Every so often there are articles about the revival of the short story. They're soon followed by articles about false dawns. Alice Munro's Nobel win didn't turn things round. Nor did Tom Hanks' book.

Why are there so few outlets? I asked a publisher about this and he said that short-stories are like poems - only people who write them read or buy them. His magazine's guidelines say "Our preference is for literary fiction". Ambit Magazine says "We’re not afraid of genre fiction, but it should probably have an interesting relationship to the genre at hand – a straight-ahead detective or horror story probably won’t appear." Maybe it’s only literary short stories that are suffering. When demand for them slackens, so does supply. Why write stories if nobody reads them?
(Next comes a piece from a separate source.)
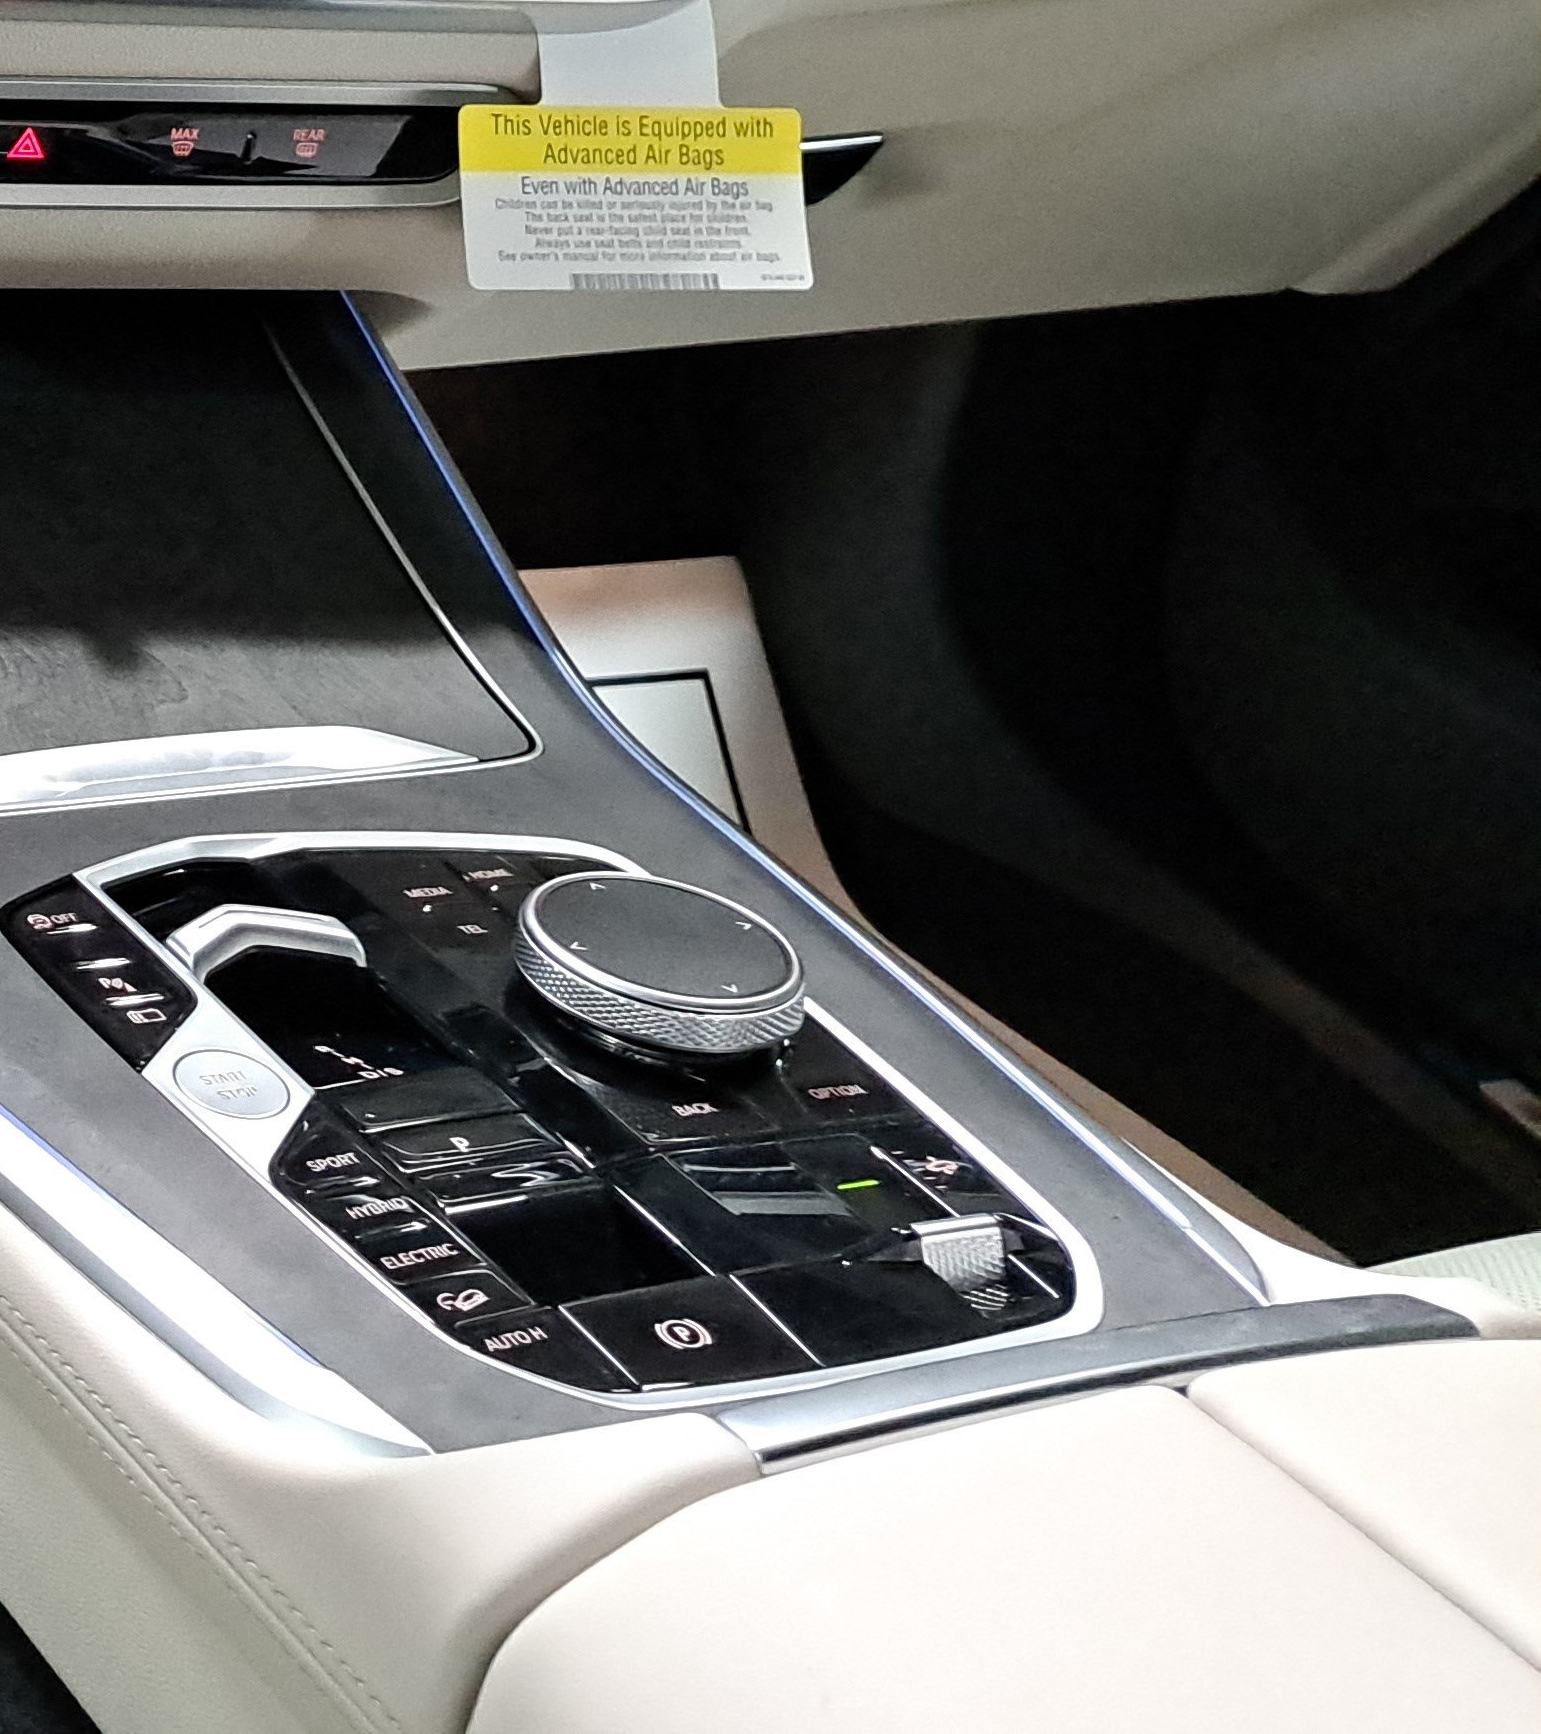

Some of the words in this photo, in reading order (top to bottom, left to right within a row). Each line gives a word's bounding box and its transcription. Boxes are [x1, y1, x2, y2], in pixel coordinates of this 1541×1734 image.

All is not lost. The BBC is trying to generate interest with the £15,000 National Short Story Award and the Young Writers' Award. Hensher in the introduction to his latest anthology suggested that competitions would be ok if the rest of the story eco-system were healthy. A few more story collections are being reviewed - see Fen by Daisy Johnson (Vintage, 2017). More small presses are dipping their toes into story collections. And Flash is a growth sector, though surely one can't really compare a 250-word piece with an Alice Munro story. It's like comparing Twenty20 cricket with test matches.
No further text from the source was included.